Headrick notes that whilst historians had carefully described and analysed both of these phenomena, they had been treated separately. His thesis is that there are very many connections between the two phenomena. He gives us a very quick handle on the scale of empire:
The European imperialism of the nineteenth century - sometimes called the "new imperialism" - differed from its precursors in two respects: its extent and its legacy. In the year 1800, Europeans occupied or controlled thirty five per cent of the land surface of the world; by 1878 this figure had risen to sixty seven per cent, and by 1914 over eighty forur per cent of the world's area was European dominated. (Headrick, 1981:3)
And a handle on its purpose:
The goal and result of imperialism - one which was in fact achieved in most territories before decolonisation - was the creation of colonies politically submissive and economically profitable to their European metropoles. (Headrick, 1981:11)
He provides us with an understanding of the stages of empire and the role of transport within these:
The initial stage was that of penetration and exploration by the first European travelers. Then came the conquest of the indigenous people and the imposition of European rule on them. Finally, before the colony could become valuableas an adjunct to a European economy, a communication and transportation network had to be forged.(Headrick, 1981:11)

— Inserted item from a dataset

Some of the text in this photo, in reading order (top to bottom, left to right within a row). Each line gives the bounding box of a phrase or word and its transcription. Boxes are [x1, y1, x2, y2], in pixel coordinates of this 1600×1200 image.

Each European empire had its own communication and transportation network centred on its homeland and operated through its own language. The consequence is that the transport circumstance of present day Africa is the residue of many distinct communication and transport networks where the centre has retracted the bulk of its financing and operation of links between the hub and the spokes and the spokes have been left largely to themselves to find the financing and organisation to link up effectively outside of imperialism. Africa is a continent of stranded mobility. To provide a graphic example, persons travelling by air between different French speaking states of Africa frequently have to travel through Paris to accomplish their journey.

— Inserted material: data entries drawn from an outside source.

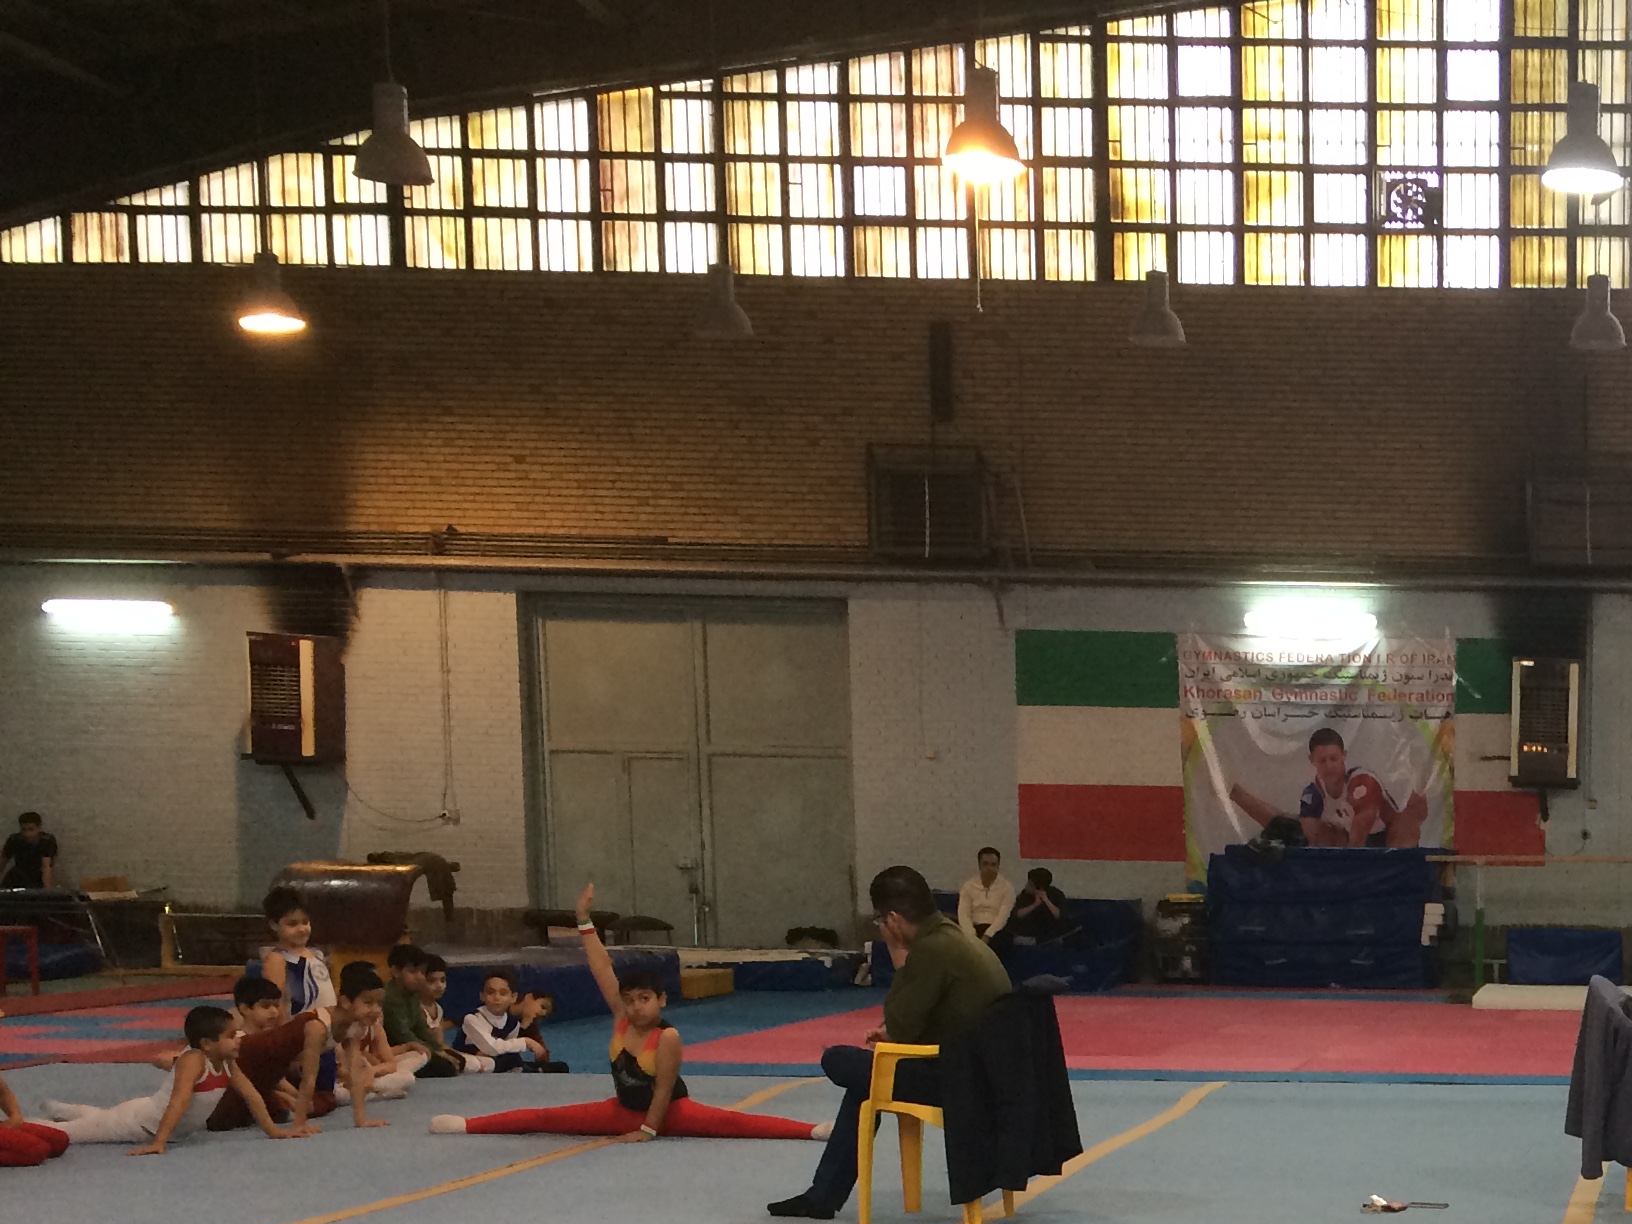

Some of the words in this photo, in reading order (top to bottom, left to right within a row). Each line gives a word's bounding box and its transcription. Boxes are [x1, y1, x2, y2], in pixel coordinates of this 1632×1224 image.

[1183, 651, 1274, 663] GYMNASTICS
[1399, 653, 1418, 665] OF
[1422, 653, 1456, 665] IRAN
[1183, 686, 1263, 699] Khorasan
[1271, 687, 1358, 702] Gymnastic
[1366, 688, 1455, 703] Federation
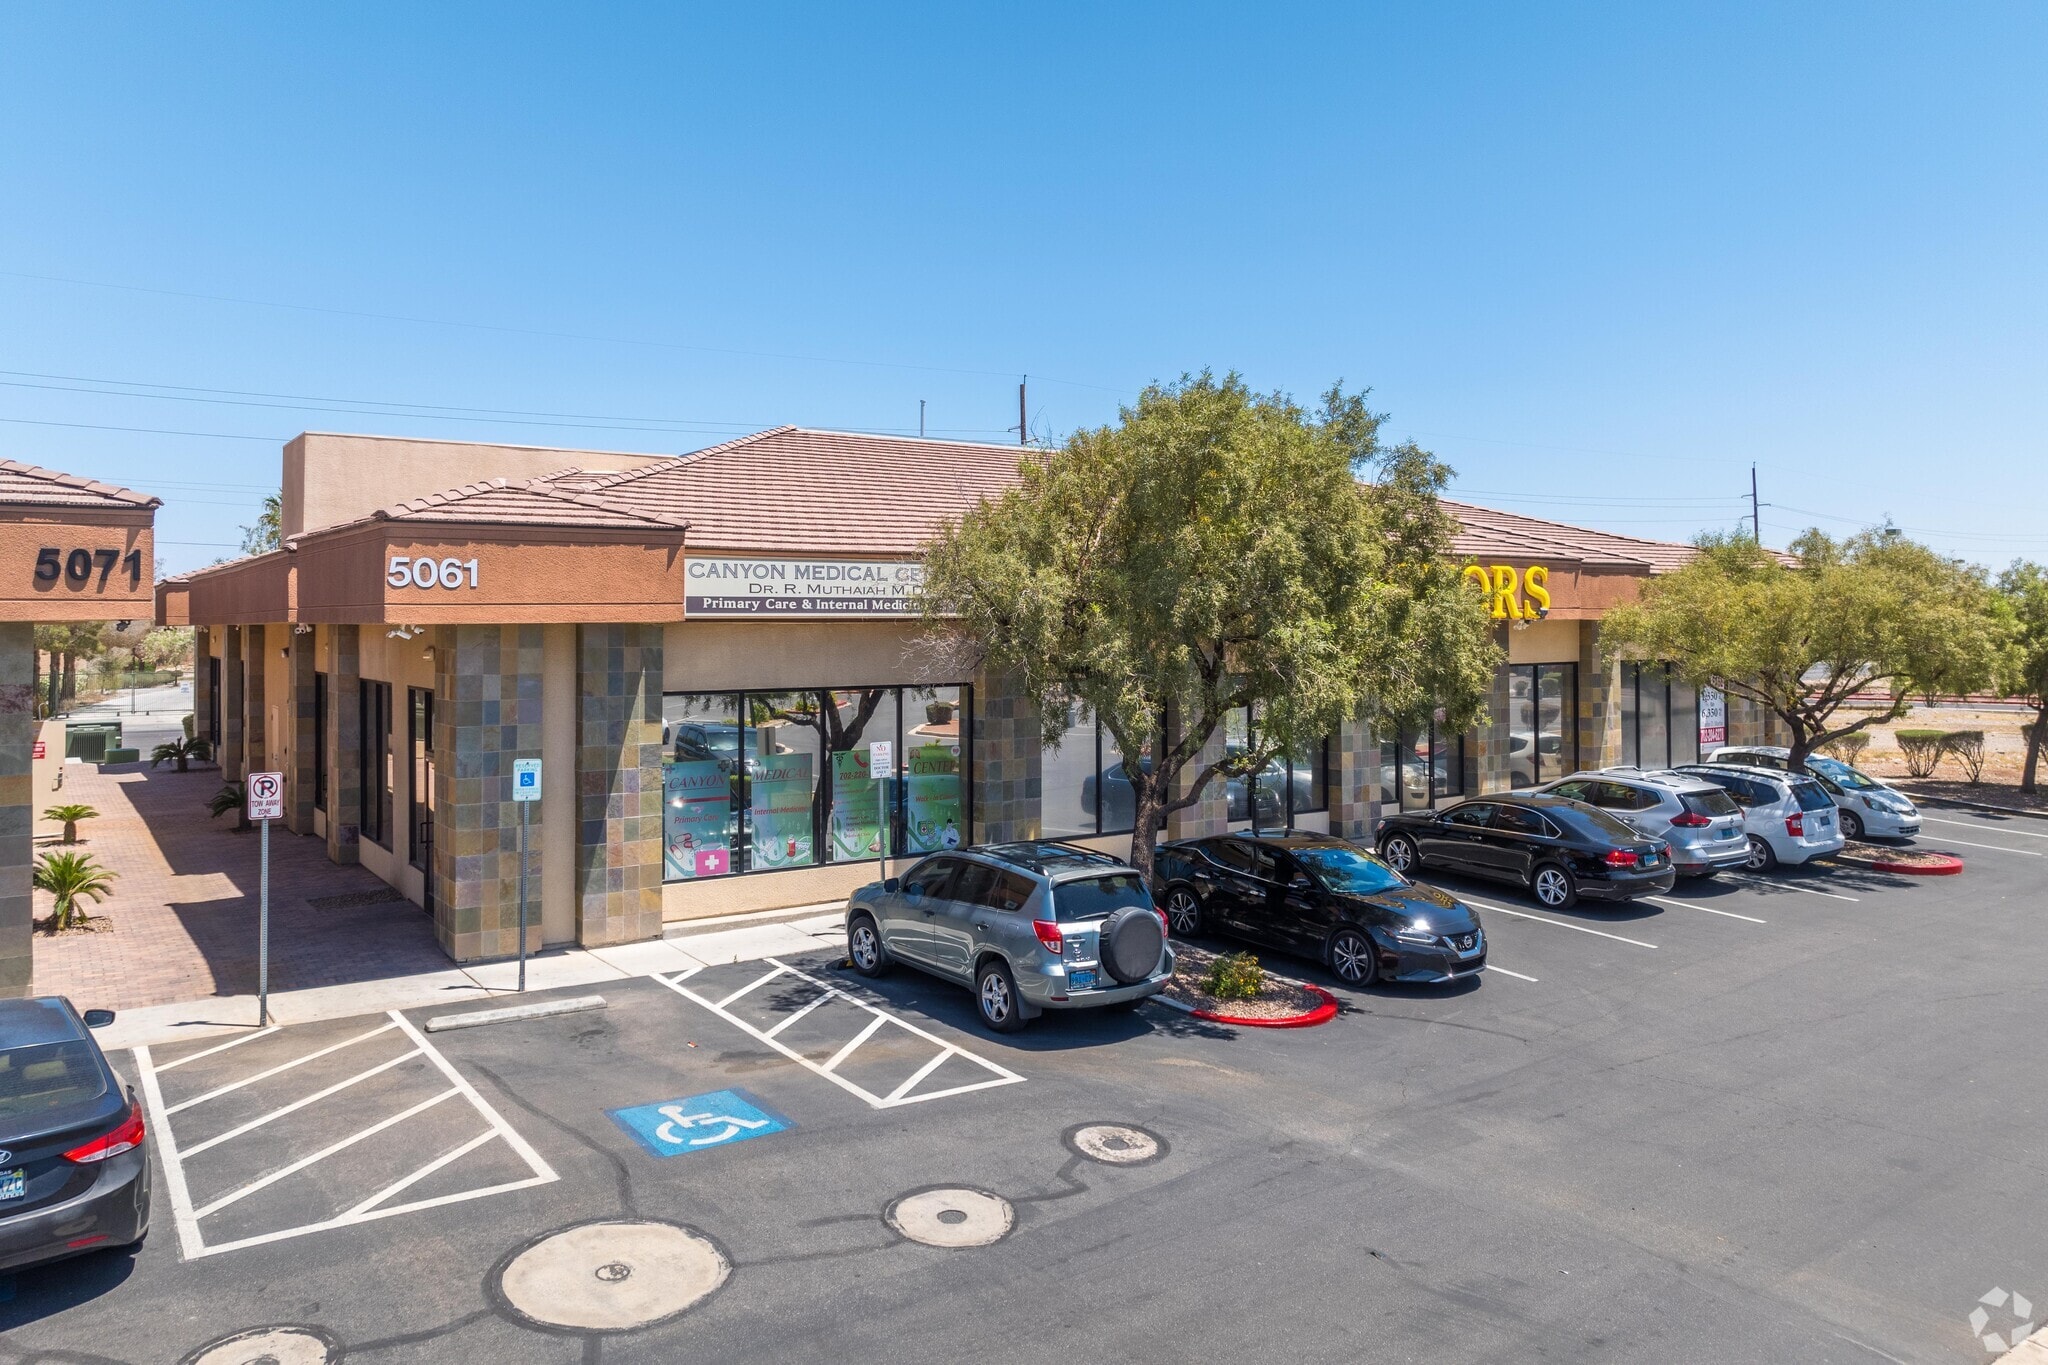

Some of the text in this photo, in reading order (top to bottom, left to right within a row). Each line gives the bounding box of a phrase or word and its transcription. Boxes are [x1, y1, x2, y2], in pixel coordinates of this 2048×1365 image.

[36, 548, 141, 581] 5071
[387, 556, 478, 588] 5061
[688, 562, 786, 580] CANYON
[794, 564, 888, 582] MEDICAL
[784, 583, 801, 595] R.
[702, 597, 760, 611] Primary
[765, 599, 797, 610] Care
[801, 599, 812, 610] &
[815, 599, 868, 610] Internal
[752, 767, 809, 781] MEDICAL
[669, 774, 725, 790] CANYON
[266, 799, 280, 807] AWAY
[674, 813, 719, 824] Primary Care

Headrick provides us with a charting of transport technology relationships at the various stages of empire:
In the penetration phase, steamers and the prophylactic use of quinine were the key technologies. The second phase - that of conquest - depended heavily on rapid firing rifles and machine guns. In the phase of consolidation, the links that tied the colonies to Europe and promoted their economic exploitation included steamship lines, the Suez canal, the submarine telegraph cables and the colonial railroads. (Headrick, 1981: 12)

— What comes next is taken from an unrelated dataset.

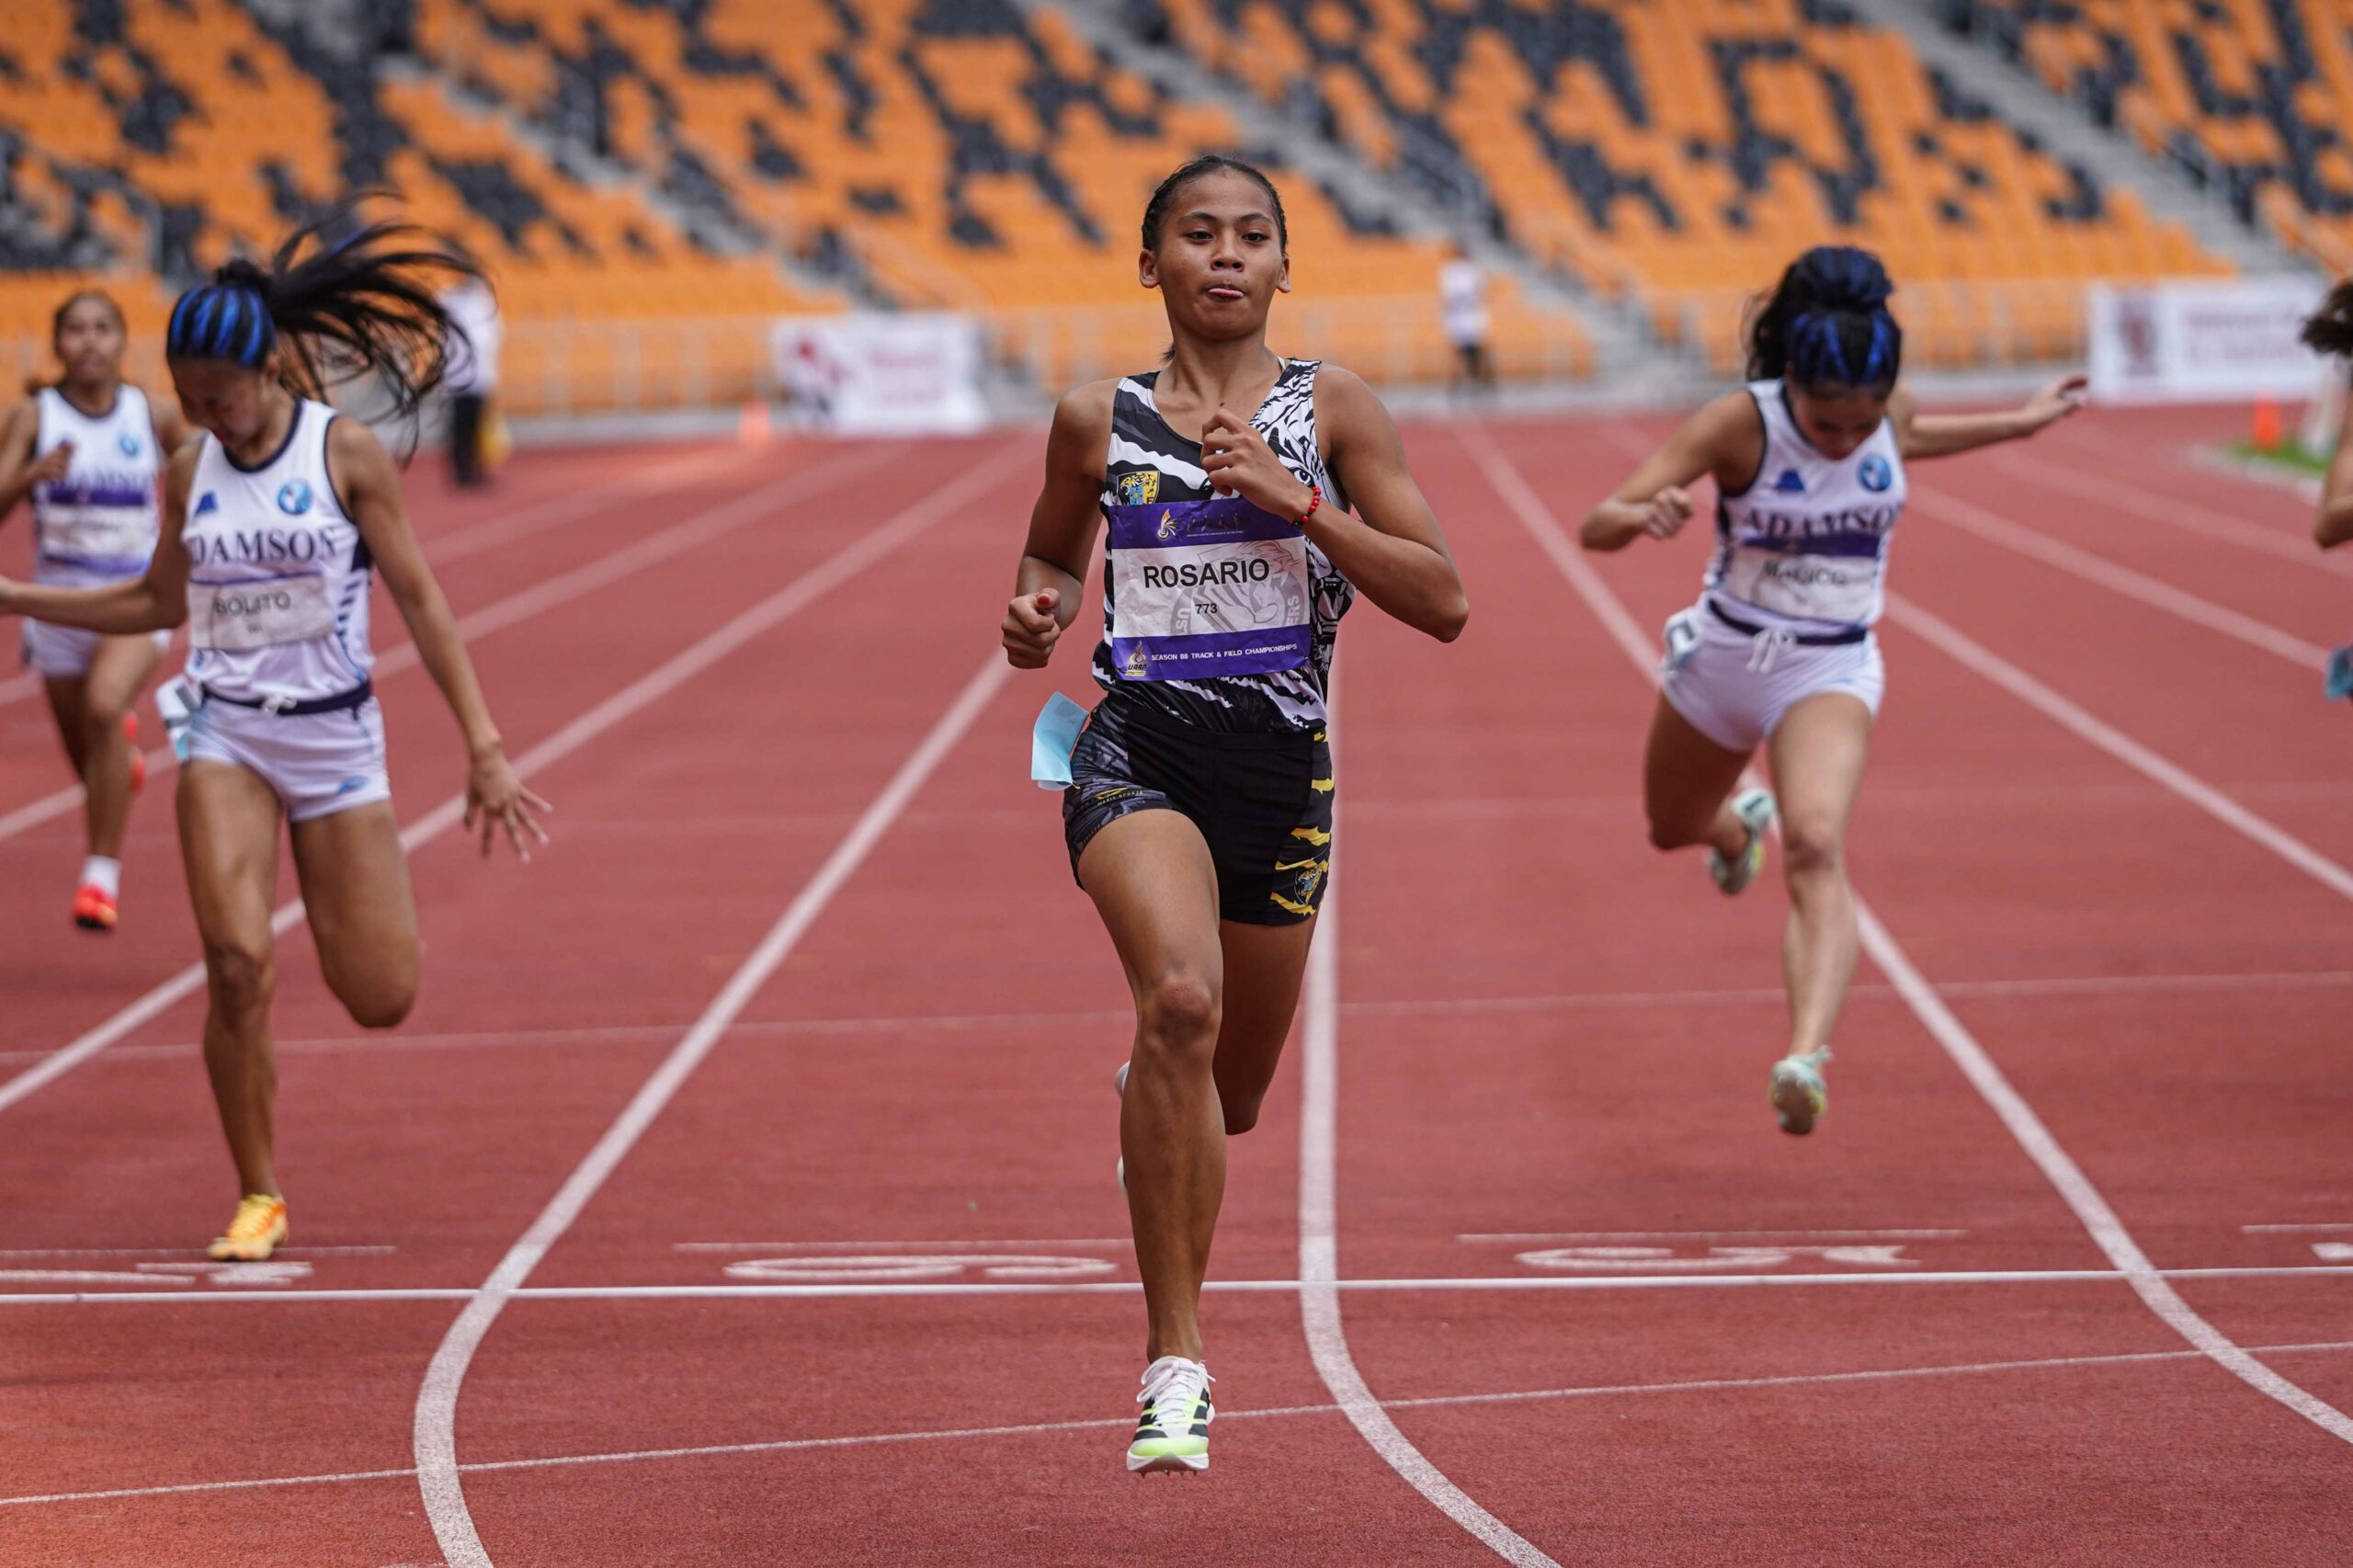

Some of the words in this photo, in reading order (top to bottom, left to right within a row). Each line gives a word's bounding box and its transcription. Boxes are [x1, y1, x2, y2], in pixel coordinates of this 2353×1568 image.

Within his book, he investigates each of these relationships between industrial technology and imperialism in great detail.
The steam boat, with its power to travel speedily upriver as well as down, carried Europeans deep into Africa and Asia. Few inventions of the nineteenth century were as important in the history of imperialism. (Headrick, 1981:17)
There is an interesting link between the use of steam boat technology for imperial expansion and the use of steam boat technology for the development of the autonomous United States of America:
Most English speaking historians date the beginning of the age of steamboats from Robert Fulton's Clermont, which navigated the Hudson between New York and Albany in 1807, a commercial as well as a technical success. Americans took to the new device with instant enthusiasm, for theirs was a land of great roadless distances crossed by broad rivers lined with trees which steamers could use for fuel. Within a decade the Hudson, Delaware, Potomac and Mississippi and their tributaries all carried regular steamboat services.(Headrick, 1981:18)
The very technology which brought development to an independent America brought exploitation to Asia and Africa. Within empire, the steamboat was combined with the gun and used to force submission.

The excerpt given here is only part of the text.